Blog

Michigan Week Continues: Grass-Fed in Southwest Michigan

This is part three in our series of posts about small farmers and artisans in southwest Michigan. Earlier this week, we featured stories about a new retail business selling artisanal meats, and about a couple growing Chardonnay grapes. Today we profile the owners of another small farm. Tomorrow we will close with some observations about the future of small-scale agriculture in Michigan.

A Visit to Middlebrook Farm

Bob and Janet Schuttler didn’t set out to raise and sell grass-fed beef. Bob chalks it up to “dumb luck.” They had run out of projects at their vacation home near Lake Michigan and started driving by rural properties—including the 22-acres of land and 1844 farmhouse that comprise Middlebrook Farm. They bought the place in 2005, and two years later, Bob left his family-owned, Chicago-area construction business.

They soon realized the land was tired from the corn and soybean rotation. To bring back the soil they planted a beautiful field of winter wheat as a cover crop. The next year they planted a grass mixture to further improve soil nutrients. Janet says when they read Michael Pollan’s The Omnivore’s Dilemma, it made them think about raising beef on the pasture they had started. Further research showed that Lowline Angus were “good grass converters.”

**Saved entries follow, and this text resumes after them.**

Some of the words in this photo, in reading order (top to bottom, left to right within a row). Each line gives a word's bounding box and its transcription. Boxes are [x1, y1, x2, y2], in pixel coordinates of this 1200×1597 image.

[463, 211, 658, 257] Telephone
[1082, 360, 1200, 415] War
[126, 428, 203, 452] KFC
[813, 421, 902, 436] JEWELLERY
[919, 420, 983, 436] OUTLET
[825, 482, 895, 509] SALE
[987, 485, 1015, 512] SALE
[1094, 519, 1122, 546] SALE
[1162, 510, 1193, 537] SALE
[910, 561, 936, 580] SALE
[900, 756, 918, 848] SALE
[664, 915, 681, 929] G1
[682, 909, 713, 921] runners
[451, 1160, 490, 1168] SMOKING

They bought their first heifer in January 2008. “Our intention was to have a very valuable herd of high end, high value animals to sell as breeders,” Bob explains. “We thought Lowline Angus would be valuable to other boutique breeders and commercial farmers who wanted to downsize the physical size of their animals to get more on a given piece of land. And we wanted to provide a smaller bull for farmers wishing to do breeding the old-fashioned way.” Cross breeding brings out “hybrid-vigor,” or the best of both breeds, excellent for beef production. This meant that while building their breeding-stock herd, the couple could take advantage of the growing demand for premium grass-fed beef. In 2009 they began retail sales within a 100-mile radius.

Janet is reflective about their relationship to small farming. “There’s no exit strategy. We’re so involved and planted to this little piece of earth that I can see both of us dying here. There is no way it can be more intimate—our caring for the animals is almost like caring for our children.” Bob puts it in perspective, “The animals are totally dependent on us and we’re totally dependent on them for our future livelihood—hopefully.” The business is a source of revenue, but is a lifestyle first, according to Bob. They have no plans to retire to the golf course or the beach.

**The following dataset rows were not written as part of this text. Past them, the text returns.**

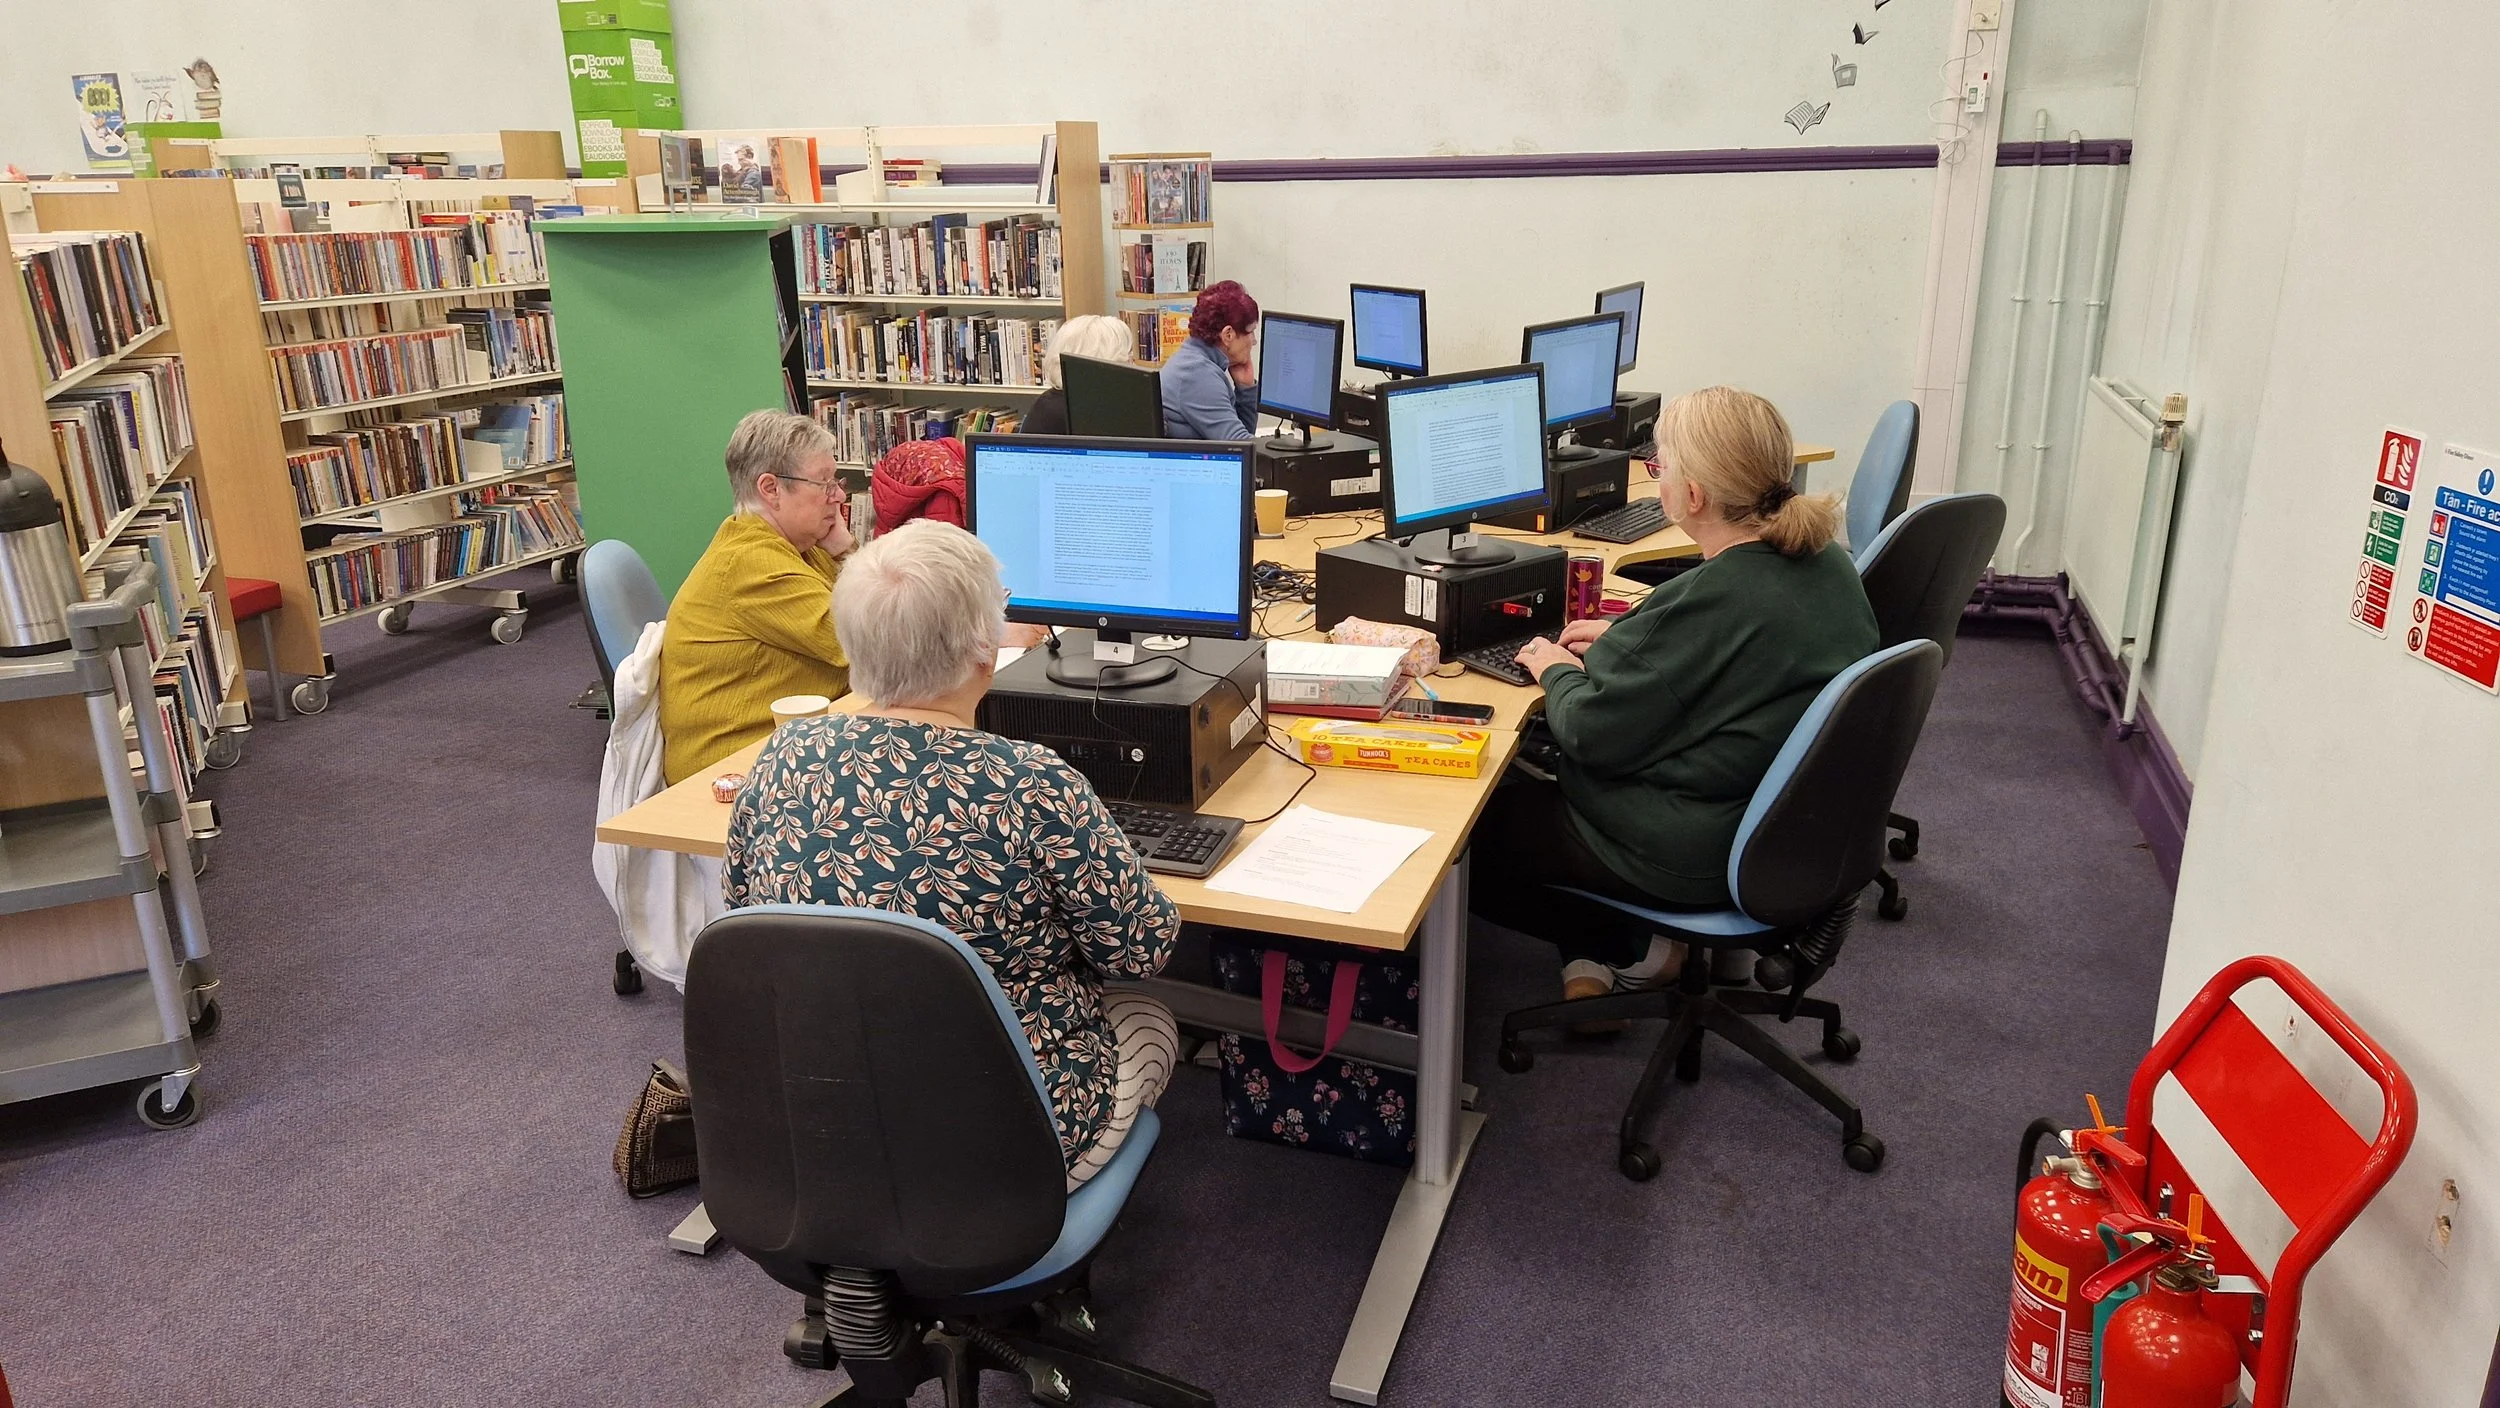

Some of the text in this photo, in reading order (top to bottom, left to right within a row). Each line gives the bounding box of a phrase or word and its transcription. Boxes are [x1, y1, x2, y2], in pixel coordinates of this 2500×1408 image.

[588, 54, 625, 67] Borrow
[590, 67, 613, 80] Box.
[585, 152, 626, 161] EAUDIOBOO
[883, 256, 893, 277] 1918
[980, 334, 988, 354] WALL
[1163, 336, 1185, 345] Anywa
[2443, 492, 2460, 509] Tân
[2466, 499, 2487, 518] Fire
[1113, 646, 1119, 654] 4
[1331, 735, 1366, 745] TEA
[1371, 738, 1429, 749] CAKES
[1359, 748, 1390, 759] TUNNOCK'S
[1405, 756, 1430, 766] TEA
[1433, 758, 1472, 769] CAKES
[2015, 1250, 2064, 1297] am

Both Bob and Janet have realized health benefits as a result of the transition to the hard, daily work of a small, non-mechanized farm. Bob describes how Janet jumps over fences to put straw down for the bull. His blood pressure has dropped significantly. Farm life brings appreciation and deep satisfaction. Janet describes a “feeling of contentment and peace that comes from being connected to the land and paying attention to Mother Nature.” “Dumb luck” may have gotten them in the business, but it will take more to get them out. Bob says, “We’re rebels as are most organic farmers in the way we’re going against industrial agriculture. We’re not approaching life like we’re retiring and going into the sunset.”

Middlebrook Farm
Three Oaks, MI
269.756.9778
www.middlebrookfarm.net

Header photograph of Middlebrook's beef by Rob Schuttler.

Paula Bartholome combines part-time teaching at DePaul University’s School for New Learning and occasional work through her firm Parallax with a full-time love of all things food – growing, eating and promoting – in her Southwest Michigan hometown, New Buffalo. She blogs about living simply, eating well and walking softly on the earth at Garden-Table and occasionally about blooming where you are planted at BajiggityLife. Email her at gardentotableinfo@gmail.com.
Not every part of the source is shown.